▶ [What the exercise asks] All lines from the one with "this 1728×1728 image." to the end of the material, both included, are to be written out exactly and without anything else.

▶ [Data records]

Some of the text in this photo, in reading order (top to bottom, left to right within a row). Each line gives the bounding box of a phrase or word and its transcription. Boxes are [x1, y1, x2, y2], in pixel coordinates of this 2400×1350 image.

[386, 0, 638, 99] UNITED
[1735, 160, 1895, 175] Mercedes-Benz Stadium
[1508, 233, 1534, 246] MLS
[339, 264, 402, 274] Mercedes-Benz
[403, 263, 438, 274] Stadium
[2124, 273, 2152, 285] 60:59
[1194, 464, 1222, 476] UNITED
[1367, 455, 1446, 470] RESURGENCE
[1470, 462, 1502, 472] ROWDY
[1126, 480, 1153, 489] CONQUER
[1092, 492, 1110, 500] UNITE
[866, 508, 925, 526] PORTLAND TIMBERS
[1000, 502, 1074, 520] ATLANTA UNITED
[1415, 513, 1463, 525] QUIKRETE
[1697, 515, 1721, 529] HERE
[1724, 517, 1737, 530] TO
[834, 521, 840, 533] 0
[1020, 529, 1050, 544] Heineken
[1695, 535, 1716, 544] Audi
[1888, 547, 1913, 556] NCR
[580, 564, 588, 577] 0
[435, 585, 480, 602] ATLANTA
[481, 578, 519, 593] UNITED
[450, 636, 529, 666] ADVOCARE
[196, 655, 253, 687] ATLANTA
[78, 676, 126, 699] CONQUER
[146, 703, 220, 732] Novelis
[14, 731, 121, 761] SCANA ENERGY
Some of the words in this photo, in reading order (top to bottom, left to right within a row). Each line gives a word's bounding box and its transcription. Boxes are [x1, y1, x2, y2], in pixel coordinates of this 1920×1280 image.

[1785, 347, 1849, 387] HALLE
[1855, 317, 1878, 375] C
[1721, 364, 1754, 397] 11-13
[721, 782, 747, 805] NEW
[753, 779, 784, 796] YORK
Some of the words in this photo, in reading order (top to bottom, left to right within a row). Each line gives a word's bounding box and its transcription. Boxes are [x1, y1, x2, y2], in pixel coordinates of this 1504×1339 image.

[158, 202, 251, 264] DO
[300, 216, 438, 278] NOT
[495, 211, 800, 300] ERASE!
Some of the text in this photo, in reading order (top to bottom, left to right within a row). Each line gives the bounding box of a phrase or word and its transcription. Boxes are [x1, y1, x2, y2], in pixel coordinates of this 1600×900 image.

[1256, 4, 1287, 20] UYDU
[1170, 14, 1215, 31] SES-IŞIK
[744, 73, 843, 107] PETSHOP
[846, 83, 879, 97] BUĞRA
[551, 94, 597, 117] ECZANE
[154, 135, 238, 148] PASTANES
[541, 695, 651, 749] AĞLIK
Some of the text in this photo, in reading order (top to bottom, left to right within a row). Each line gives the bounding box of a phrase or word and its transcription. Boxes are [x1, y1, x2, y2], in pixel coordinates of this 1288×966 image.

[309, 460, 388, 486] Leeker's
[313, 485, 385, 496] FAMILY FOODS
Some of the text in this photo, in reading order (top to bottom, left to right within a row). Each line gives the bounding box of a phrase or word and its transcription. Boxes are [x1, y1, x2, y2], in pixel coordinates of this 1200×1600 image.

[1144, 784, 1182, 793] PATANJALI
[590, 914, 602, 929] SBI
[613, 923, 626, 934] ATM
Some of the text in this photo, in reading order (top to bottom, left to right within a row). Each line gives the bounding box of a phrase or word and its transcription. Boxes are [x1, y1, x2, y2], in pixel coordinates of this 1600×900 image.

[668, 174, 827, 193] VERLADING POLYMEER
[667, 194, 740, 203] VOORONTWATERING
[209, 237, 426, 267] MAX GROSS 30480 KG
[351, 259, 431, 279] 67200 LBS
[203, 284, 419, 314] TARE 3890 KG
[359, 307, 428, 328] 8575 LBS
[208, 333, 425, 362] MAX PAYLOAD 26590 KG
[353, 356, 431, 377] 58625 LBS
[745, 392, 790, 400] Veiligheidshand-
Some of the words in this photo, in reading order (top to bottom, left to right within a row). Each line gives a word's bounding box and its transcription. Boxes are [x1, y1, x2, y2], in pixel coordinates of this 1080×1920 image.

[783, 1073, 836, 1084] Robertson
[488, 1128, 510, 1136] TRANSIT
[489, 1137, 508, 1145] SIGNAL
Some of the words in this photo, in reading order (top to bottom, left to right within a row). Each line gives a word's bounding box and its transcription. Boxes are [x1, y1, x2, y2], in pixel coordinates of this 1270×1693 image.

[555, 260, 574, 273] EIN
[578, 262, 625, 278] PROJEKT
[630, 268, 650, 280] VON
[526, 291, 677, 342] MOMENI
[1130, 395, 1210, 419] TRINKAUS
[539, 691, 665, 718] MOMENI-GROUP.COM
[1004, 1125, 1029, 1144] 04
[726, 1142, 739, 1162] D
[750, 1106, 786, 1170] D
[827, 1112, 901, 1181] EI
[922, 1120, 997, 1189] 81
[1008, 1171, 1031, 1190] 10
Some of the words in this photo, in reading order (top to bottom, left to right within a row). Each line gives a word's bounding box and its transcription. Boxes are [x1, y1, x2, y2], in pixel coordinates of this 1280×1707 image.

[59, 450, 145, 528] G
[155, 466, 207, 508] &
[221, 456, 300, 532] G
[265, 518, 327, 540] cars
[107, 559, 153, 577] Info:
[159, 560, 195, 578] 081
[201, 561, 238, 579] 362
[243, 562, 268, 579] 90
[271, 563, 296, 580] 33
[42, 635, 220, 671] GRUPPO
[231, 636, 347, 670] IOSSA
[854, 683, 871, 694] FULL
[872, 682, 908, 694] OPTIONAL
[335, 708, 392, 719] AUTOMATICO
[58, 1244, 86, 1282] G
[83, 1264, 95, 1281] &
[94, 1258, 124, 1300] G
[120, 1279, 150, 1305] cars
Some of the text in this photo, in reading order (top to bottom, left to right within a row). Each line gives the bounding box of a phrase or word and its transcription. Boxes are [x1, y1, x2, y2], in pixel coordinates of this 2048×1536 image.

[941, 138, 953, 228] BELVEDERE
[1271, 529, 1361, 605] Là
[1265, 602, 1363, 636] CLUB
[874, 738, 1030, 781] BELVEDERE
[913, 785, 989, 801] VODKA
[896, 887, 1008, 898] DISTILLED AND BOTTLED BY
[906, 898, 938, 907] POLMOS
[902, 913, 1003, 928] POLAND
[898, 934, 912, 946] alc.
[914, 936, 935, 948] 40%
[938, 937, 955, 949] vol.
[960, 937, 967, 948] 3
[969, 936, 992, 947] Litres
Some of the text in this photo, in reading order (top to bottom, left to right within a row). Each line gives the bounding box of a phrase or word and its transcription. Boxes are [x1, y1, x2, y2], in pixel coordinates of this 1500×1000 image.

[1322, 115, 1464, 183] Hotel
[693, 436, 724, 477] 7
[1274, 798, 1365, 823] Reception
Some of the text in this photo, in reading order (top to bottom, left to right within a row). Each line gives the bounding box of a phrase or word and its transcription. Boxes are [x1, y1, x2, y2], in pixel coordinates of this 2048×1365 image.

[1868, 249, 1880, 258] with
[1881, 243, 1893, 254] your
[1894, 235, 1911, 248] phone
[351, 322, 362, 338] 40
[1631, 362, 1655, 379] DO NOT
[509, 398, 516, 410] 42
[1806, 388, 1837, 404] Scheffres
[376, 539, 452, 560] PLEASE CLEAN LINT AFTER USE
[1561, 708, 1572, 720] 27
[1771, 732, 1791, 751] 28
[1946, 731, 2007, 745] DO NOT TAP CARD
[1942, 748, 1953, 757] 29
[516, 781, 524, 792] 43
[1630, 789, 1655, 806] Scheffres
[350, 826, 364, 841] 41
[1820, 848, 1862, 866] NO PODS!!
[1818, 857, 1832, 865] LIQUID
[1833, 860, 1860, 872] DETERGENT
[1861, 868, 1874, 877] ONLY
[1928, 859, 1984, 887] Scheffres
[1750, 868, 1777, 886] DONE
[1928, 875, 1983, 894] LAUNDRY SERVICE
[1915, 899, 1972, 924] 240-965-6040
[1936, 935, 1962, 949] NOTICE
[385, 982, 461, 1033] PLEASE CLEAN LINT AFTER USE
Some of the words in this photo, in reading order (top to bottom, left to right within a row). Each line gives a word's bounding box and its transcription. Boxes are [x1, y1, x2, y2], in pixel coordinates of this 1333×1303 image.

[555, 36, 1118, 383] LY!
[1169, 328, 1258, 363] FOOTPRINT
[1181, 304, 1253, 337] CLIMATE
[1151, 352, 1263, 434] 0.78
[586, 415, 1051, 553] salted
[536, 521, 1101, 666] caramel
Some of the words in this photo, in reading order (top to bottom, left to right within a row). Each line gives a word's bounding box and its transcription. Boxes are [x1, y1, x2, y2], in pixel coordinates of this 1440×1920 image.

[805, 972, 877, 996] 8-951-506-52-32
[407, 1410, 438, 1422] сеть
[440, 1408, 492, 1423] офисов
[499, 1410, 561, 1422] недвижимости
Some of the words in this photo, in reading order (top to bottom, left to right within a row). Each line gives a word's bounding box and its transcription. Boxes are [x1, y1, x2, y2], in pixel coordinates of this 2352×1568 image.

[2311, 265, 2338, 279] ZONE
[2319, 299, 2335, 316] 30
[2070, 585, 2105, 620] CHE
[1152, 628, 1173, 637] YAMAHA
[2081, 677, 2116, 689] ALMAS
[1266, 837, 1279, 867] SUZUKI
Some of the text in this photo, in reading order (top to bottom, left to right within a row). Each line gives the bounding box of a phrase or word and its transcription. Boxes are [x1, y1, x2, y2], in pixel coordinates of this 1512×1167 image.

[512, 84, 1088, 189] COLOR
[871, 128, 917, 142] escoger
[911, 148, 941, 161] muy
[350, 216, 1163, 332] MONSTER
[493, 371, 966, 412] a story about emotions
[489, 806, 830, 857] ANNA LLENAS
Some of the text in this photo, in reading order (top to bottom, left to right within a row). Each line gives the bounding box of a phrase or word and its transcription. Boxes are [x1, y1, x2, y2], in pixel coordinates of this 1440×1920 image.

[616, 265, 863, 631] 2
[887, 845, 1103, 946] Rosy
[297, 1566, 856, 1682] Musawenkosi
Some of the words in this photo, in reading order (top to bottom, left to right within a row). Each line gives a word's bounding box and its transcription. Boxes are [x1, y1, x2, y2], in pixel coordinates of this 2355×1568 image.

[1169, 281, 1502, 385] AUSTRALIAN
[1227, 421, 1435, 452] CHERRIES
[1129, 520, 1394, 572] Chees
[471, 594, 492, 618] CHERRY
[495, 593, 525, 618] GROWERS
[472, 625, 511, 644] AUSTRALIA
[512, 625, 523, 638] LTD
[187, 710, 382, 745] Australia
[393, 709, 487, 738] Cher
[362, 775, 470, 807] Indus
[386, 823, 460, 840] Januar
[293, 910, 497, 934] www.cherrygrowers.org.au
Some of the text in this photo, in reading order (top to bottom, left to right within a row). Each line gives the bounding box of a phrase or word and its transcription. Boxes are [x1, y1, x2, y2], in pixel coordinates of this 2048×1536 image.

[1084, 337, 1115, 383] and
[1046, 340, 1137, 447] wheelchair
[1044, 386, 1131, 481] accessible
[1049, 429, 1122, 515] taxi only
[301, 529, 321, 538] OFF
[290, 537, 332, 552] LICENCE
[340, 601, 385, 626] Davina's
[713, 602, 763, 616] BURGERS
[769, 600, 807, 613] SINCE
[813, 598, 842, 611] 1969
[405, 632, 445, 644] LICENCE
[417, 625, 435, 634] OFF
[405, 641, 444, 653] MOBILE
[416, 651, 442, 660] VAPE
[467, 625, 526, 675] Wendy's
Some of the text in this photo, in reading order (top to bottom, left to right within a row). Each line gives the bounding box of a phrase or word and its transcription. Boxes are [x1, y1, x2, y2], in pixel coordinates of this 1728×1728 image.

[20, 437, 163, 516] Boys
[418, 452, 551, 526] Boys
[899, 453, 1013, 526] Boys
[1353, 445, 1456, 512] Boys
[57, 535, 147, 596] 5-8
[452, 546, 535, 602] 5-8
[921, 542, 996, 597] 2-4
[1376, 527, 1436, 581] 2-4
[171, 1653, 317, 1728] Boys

▶ [Answer section]
Some of the text in this photo, in reading order (top to bottom, left to right within a row). Each line gives the bounding box of a phrase or word and its transcription. Boxes are [x1, y1, x2, y2], in pixel coordinates of this 1728×1728 image.

[20, 437, 163, 516] Boys
[418, 452, 551, 526] Boys
[899, 453, 1013, 526] Boys
[1353, 445, 1456, 512] Boys
[57, 535, 147, 596] 5-8
[452, 546, 535, 602] 5-8
[921, 542, 996, 597] 2-4
[1376, 527, 1436, 581] 2-4
[171, 1653, 317, 1728] Boys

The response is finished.